Data for review below:
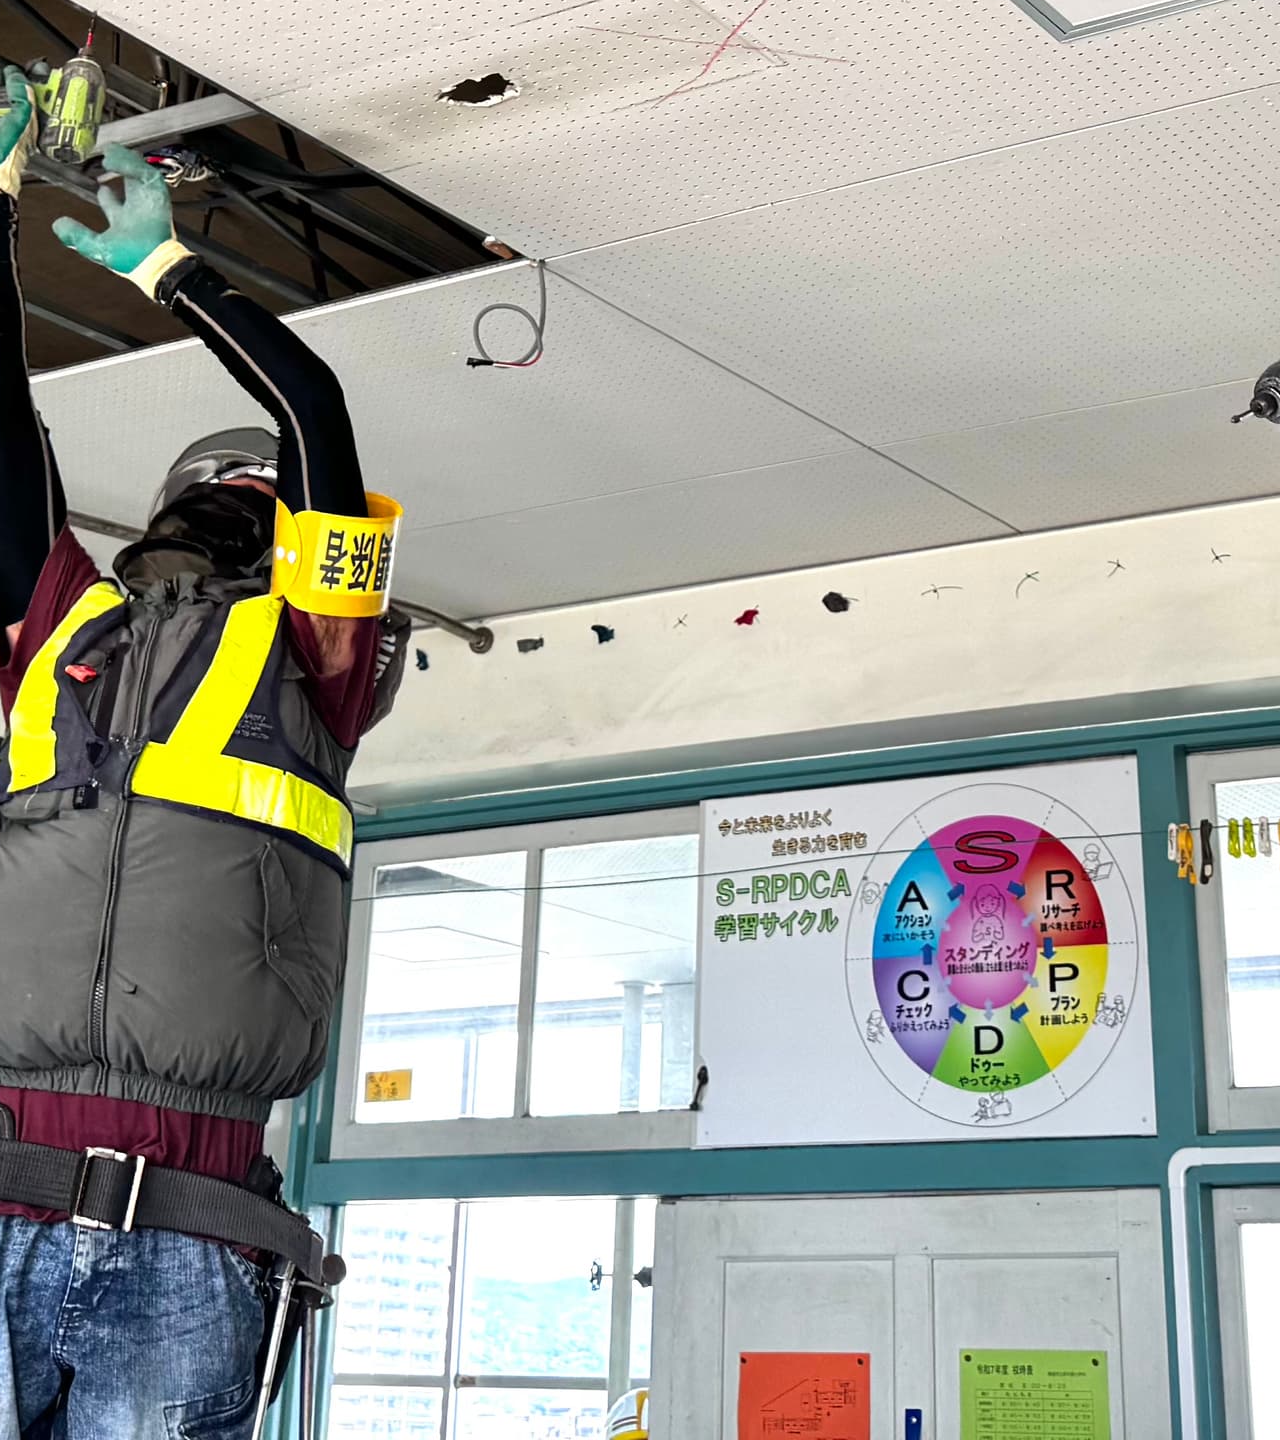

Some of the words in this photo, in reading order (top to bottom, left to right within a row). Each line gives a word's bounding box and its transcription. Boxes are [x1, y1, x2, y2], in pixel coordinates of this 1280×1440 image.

[718, 808, 832, 837] 今と未来をよりよく
[771, 832, 868, 856] 生きる力を育む
[953, 831, 1019, 874] S
[716, 868, 851, 907] S-RPDCA
[897, 880, 929, 912] A
[1045, 869, 1076, 900] R
[895, 914, 932, 929] アクション
[1042, 903, 1080, 919] リサーチ
[714, 908, 839, 942] 学習サイクル
[945, 941, 1030, 962] スタンディング
[897, 969, 930, 1001] C
[1049, 963, 1079, 993] P
[895, 1003, 932, 1018] チェック
[1051, 996, 1081, 1010] プラン
[1040, 1014, 1088, 1026] 計画しよう
[974, 1025, 1004, 1055] D
[971, 1057, 1005, 1073] ドゥー
[959, 1073, 1021, 1087] やってみよう
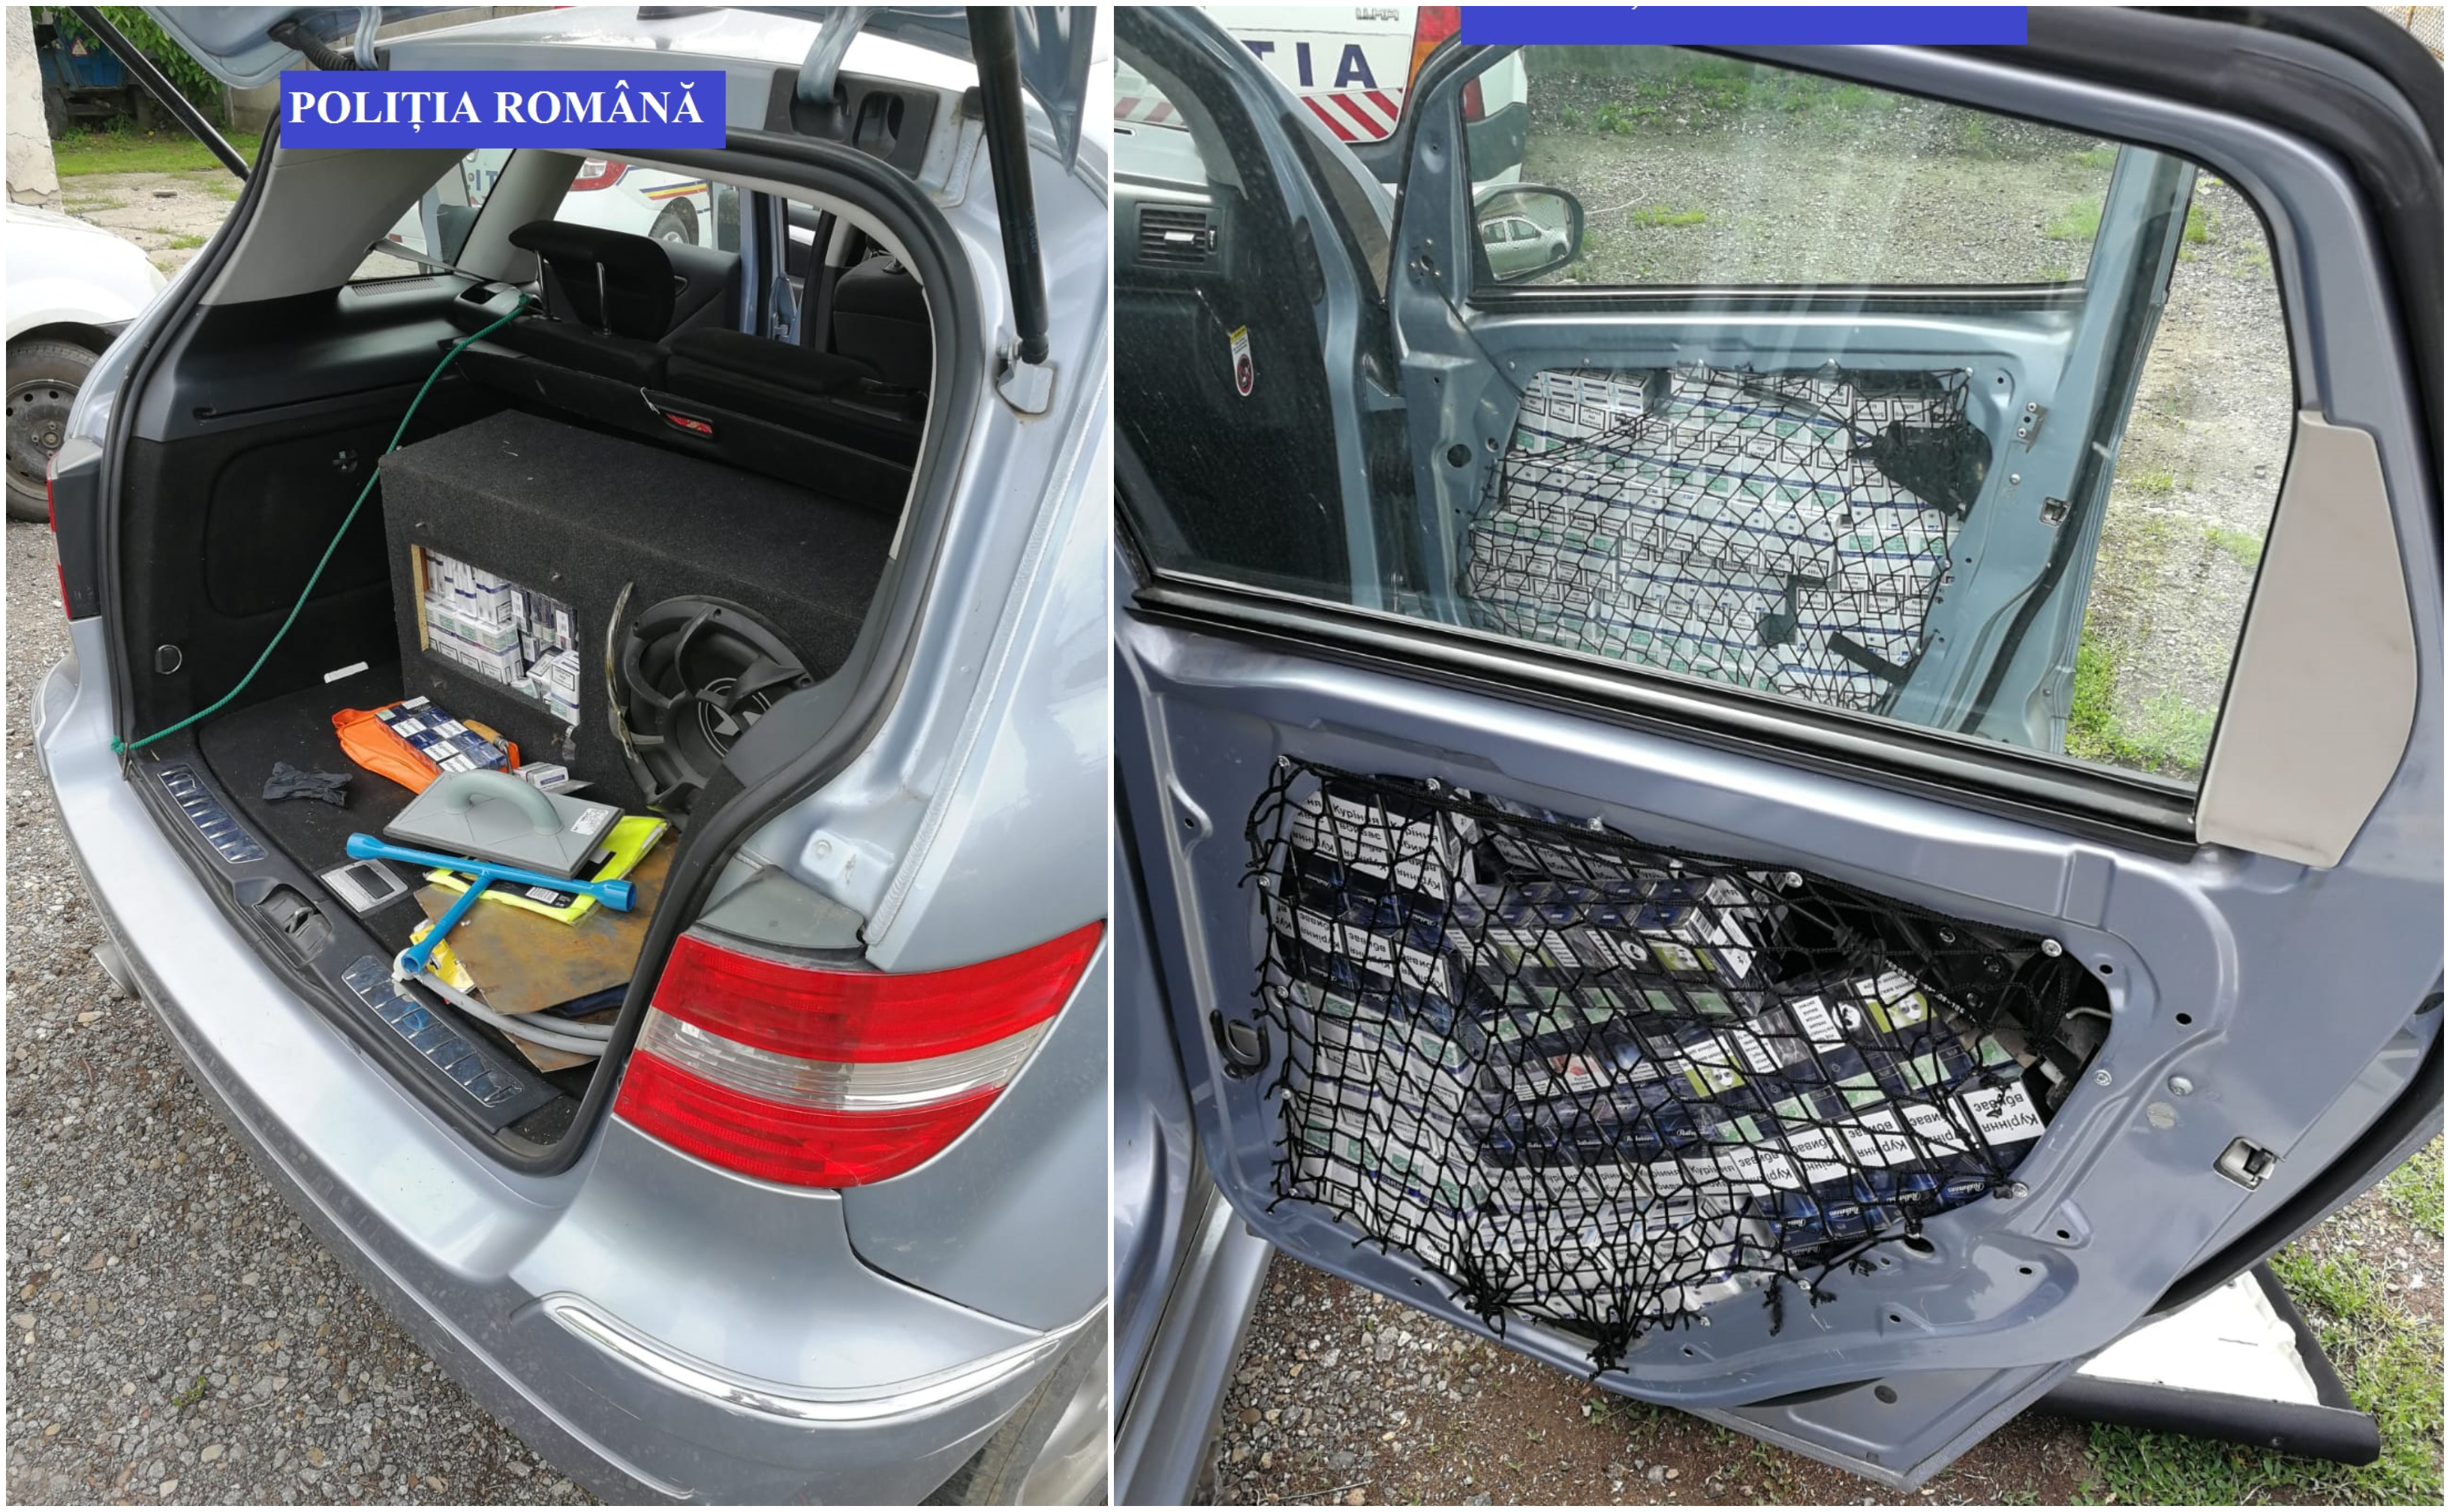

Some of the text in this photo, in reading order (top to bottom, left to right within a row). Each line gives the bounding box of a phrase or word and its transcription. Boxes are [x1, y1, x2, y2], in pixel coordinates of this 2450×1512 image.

[1849, 1120, 1894, 1139] вбиає
[1982, 1113, 2039, 1133] Куріння
[1857, 1138, 1908, 1159] Курння
End of Data for review.
Work request :: Output, unchanged, the lines from the line with "Some of the text" through the final line of the material.

Response to this task ::
Some of the text in this photo, in reading order (top to bottom, left to right within a row). Each line gives the bounding box of a phrase or word and its transcription. Boxes are [x1, y1, x2, y2], in pixel coordinates of this 2450×1512 image.

[1849, 1120, 1894, 1139] вбиає
[1982, 1113, 2039, 1133] Куріння
[1857, 1138, 1908, 1159] Курння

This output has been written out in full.